London-based Promeritum Investment Management counted Sri Lanka’s debt restructuring, Tunisian bonds and the Nigerian naira’s devaluation as the top three contributors to its performance in 2023, according to a document shared with clients. The macro fund’s performance was nearly double the 8.8% advance posted by the Bloomberg index for hedge funds focused on emerging-market debt.
Similar gains are possible this year as Sri Lanka, Ghana and Zambia conclude debt restructurings — potentially sparking a new bond rally, Promeritum says. Slowing inflation could also provide a tailwind for local debt from South Africa to central and eastern Europe.
“Once the restructuring happens we definitely expect the next leg” of gains, said Pavel Mamai, London-based managing partner and co-founder of the $377 million fund. “We believe that the restructurings are likely to be on better terms than what the market currently assumes. There’s still some trades on the distressed side, some prices which have not reached the full potential.”

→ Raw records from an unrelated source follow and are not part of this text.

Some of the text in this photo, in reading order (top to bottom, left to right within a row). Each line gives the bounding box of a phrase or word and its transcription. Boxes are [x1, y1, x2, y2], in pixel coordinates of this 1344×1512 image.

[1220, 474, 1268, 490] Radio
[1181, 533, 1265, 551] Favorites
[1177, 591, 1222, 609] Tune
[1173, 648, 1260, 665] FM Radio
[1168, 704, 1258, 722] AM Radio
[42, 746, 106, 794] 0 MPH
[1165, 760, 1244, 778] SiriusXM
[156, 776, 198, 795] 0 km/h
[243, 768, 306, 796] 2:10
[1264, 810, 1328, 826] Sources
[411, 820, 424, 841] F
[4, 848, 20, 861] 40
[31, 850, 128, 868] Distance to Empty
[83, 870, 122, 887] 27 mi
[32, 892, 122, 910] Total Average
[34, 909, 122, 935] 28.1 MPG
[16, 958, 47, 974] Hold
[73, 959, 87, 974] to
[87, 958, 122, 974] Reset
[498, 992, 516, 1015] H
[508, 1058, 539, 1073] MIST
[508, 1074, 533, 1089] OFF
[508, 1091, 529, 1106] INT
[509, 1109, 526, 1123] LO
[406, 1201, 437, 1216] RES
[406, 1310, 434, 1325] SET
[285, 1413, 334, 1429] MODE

The best gains in emerging-market debt year-to-date come from distressed or junk-rated nations with Ecuador, which restructured its bonds in 2020, topping the list with 30%, followed by Egypt and Bolivia, according to a Bloomberg index tracking sovereign dollar debt.

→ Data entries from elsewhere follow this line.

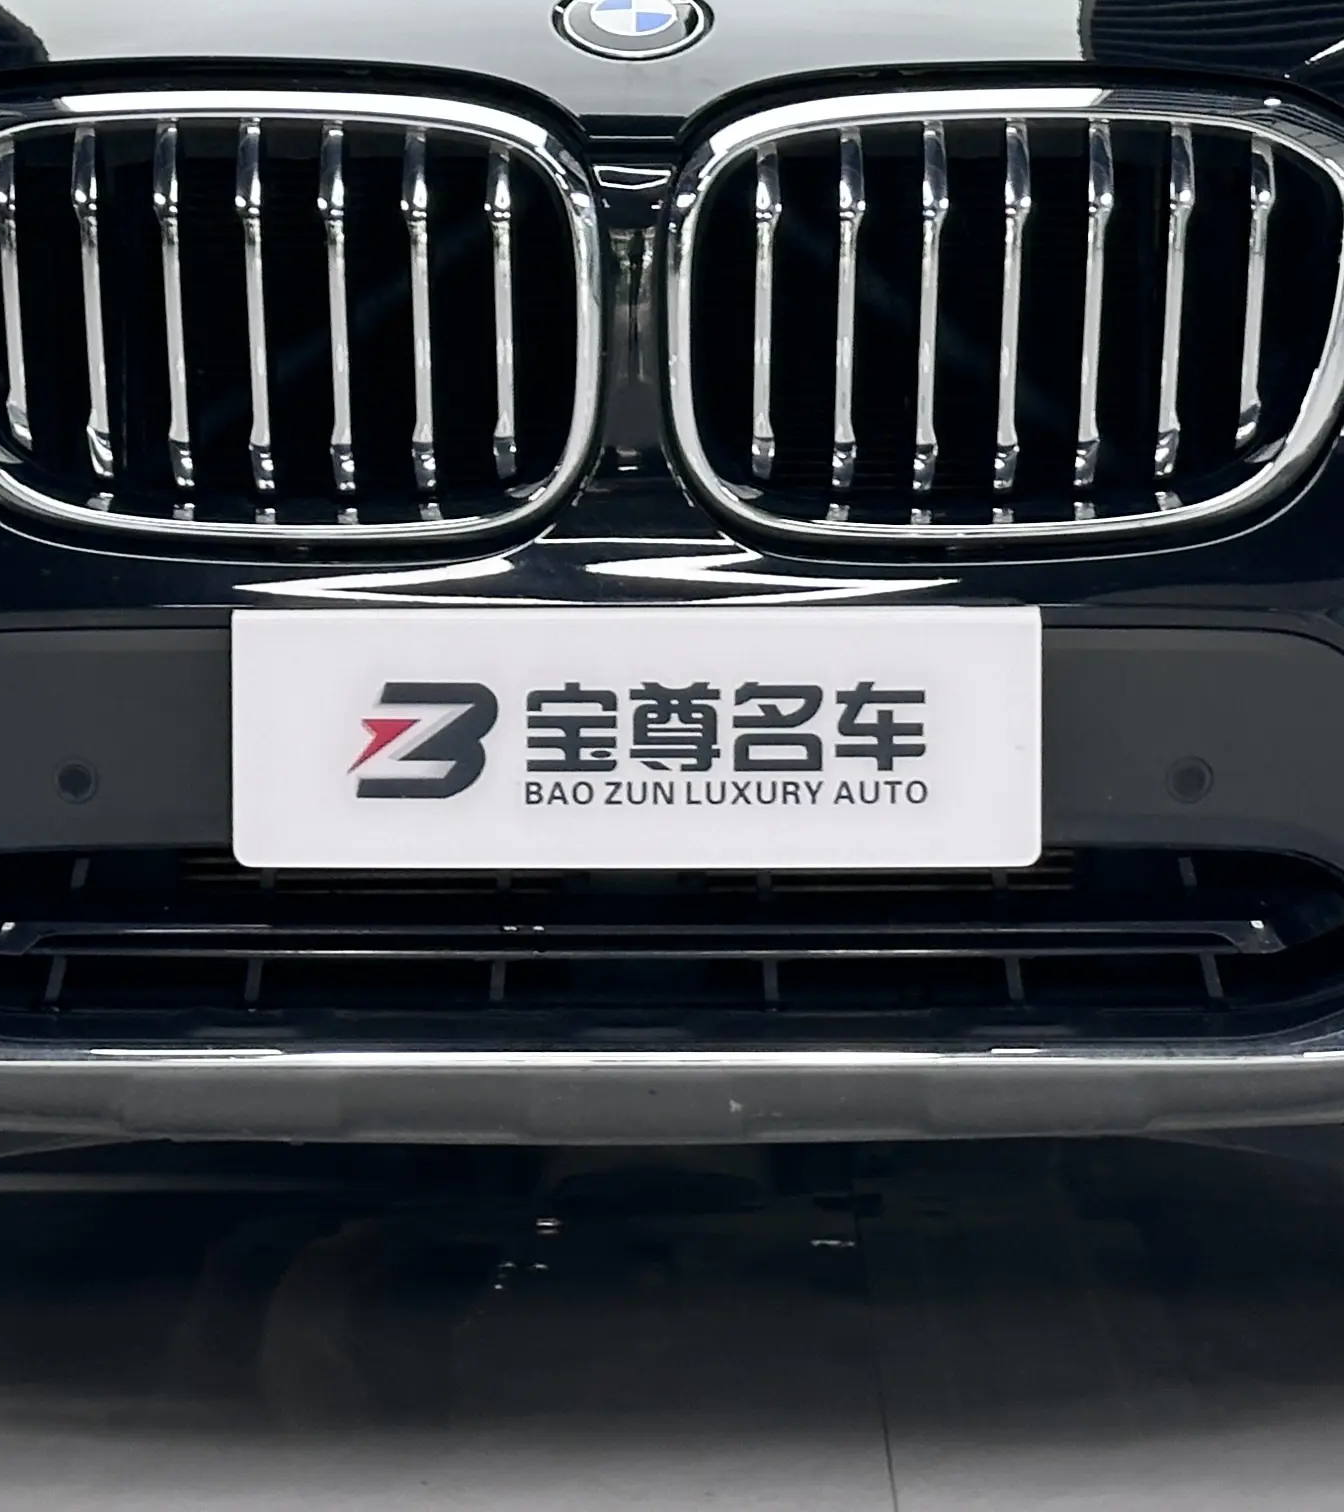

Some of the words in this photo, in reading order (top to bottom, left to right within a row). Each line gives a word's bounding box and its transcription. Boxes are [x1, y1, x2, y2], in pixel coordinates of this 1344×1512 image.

[525, 680, 927, 773] 宝尊名车
[524, 779, 594, 805] BAO
[603, 779, 674, 805] ZUN
[685, 779, 824, 805] LUXURY
[832, 779, 928, 805] AUTO

Kenya’s $1.5 billion sale of seven-year bonds demonstrated that even a country with stressed state finances can access the international debt market to refinance.
That “affects the market’s view on exit yields in the restructuring stories,” Mamai said. “With the right set of policies and the IMF’s support, if Kenya can access the market and refinance debt, then why wouldn’t Sri Lanka or Ghana be able to do that later?”
Sri Lanka is one of the fund’s top holdings because it has a chance of concluding its debt talks sooner than peers and on more beneficial terms to the country, Mamai said. The South Asian nation, which defaulted on foreign debt in 2022, recently sent a new restructuring proposal to dollar bondholders through its adviser Lazard.
Sri Lanka accounts for 13% of the fund’s investments, followed by 11% for Tunisia and 8% for Nigeria, according to a letter Promeritum sent to clients.
South Africa comprises the largest share at 23%, with the fund betting that a fiscal rule will help anchor South Africa’s public finances and it might use central bank profits to redeem maturing bonds.